Image-backed grounding data
-=-=-
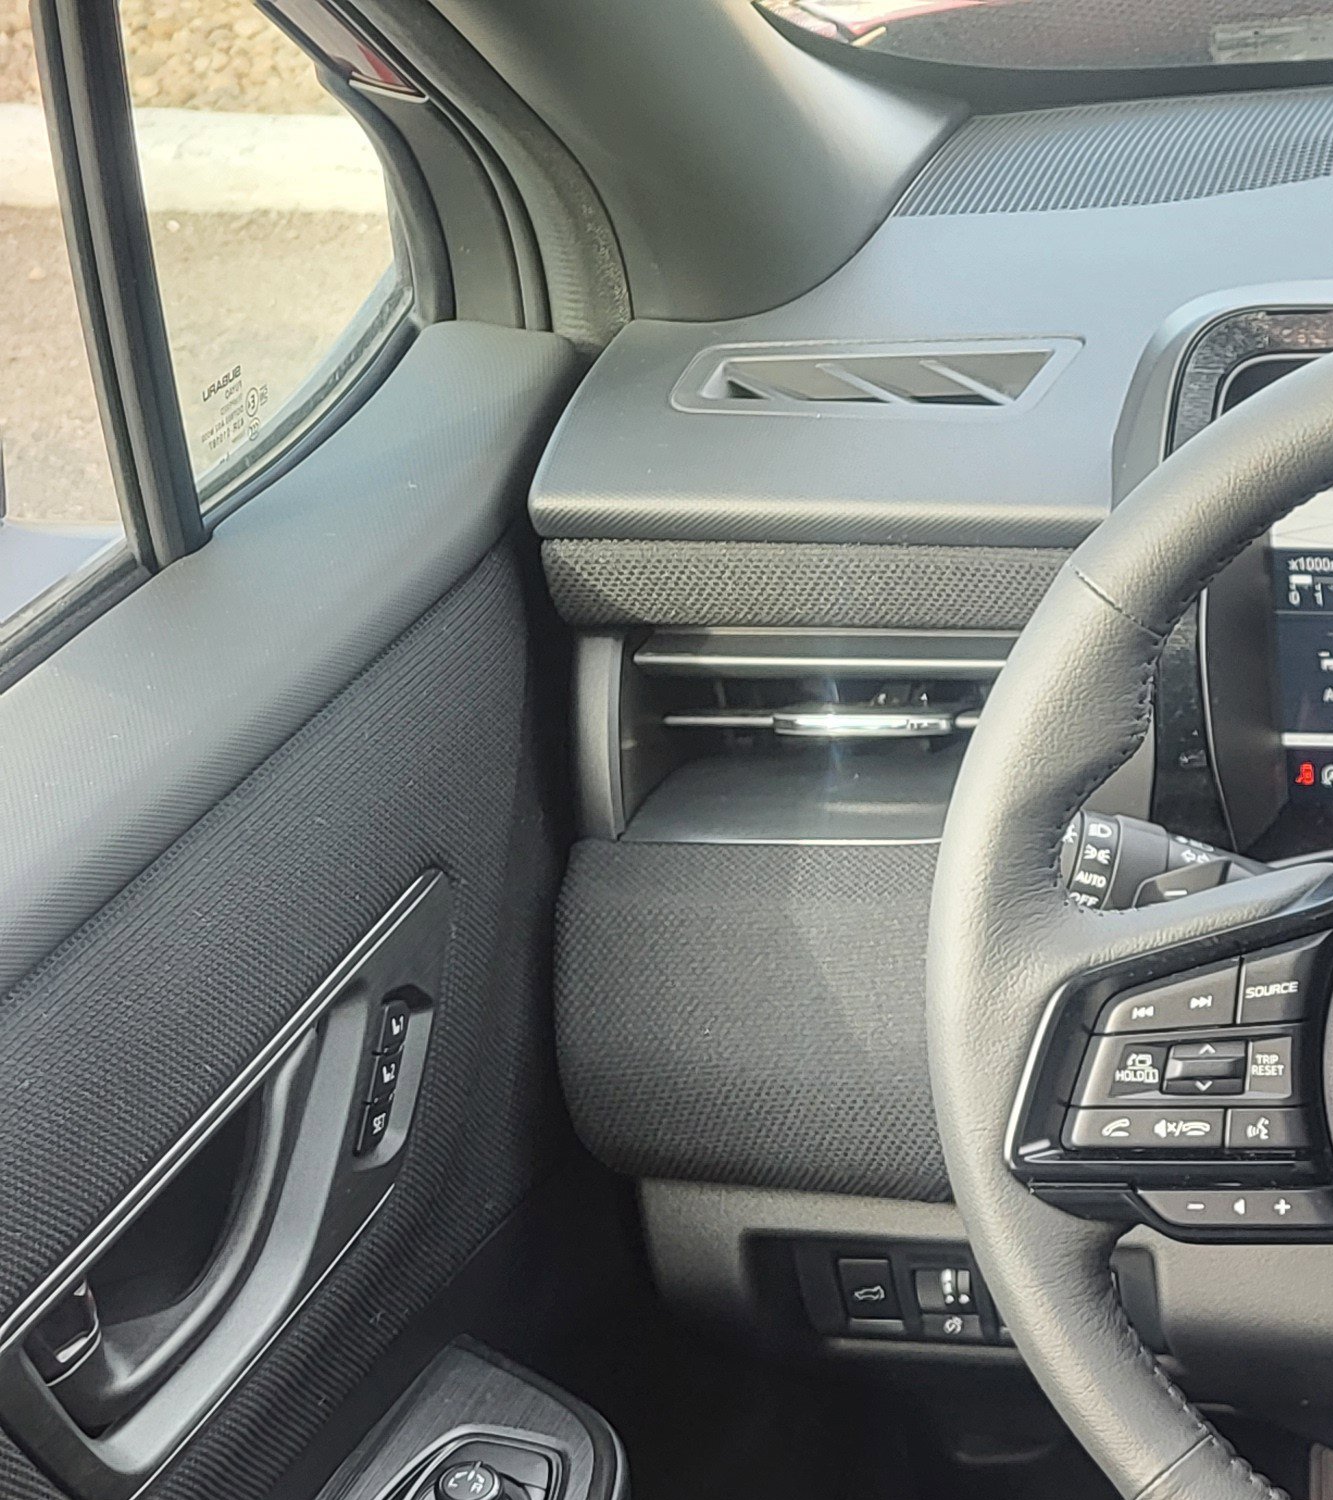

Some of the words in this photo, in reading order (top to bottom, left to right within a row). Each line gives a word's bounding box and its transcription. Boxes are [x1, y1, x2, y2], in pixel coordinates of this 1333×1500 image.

[1288, 592, 1300, 610] 0
[1314, 592, 1324, 610] 1
[1075, 870, 1107, 888] AUTO
[1245, 981, 1299, 999] SOURCE
[1255, 1054, 1279, 1065] TRIP
[1115, 1069, 1144, 1082] HOLD
[1251, 1064, 1284, 1076] RESET
-=-=-
WHAT IS NEEDED:
Word for word, set down every line of the records above, and leave the pictures out.

WRITTEN RESPONSE:
Some of the words in this photo, in reading order (top to bottom, left to right within a row). Each line gives a word's bounding box and its transcription. Boxes are [x1, y1, x2, y2], in pixel coordinates of this 1333×1500 image.

[1288, 592, 1300, 610] 0
[1314, 592, 1324, 610] 1
[1075, 870, 1107, 888] AUTO
[1245, 981, 1299, 999] SOURCE
[1255, 1054, 1279, 1065] TRIP
[1115, 1069, 1144, 1082] HOLD
[1251, 1064, 1284, 1076] RESET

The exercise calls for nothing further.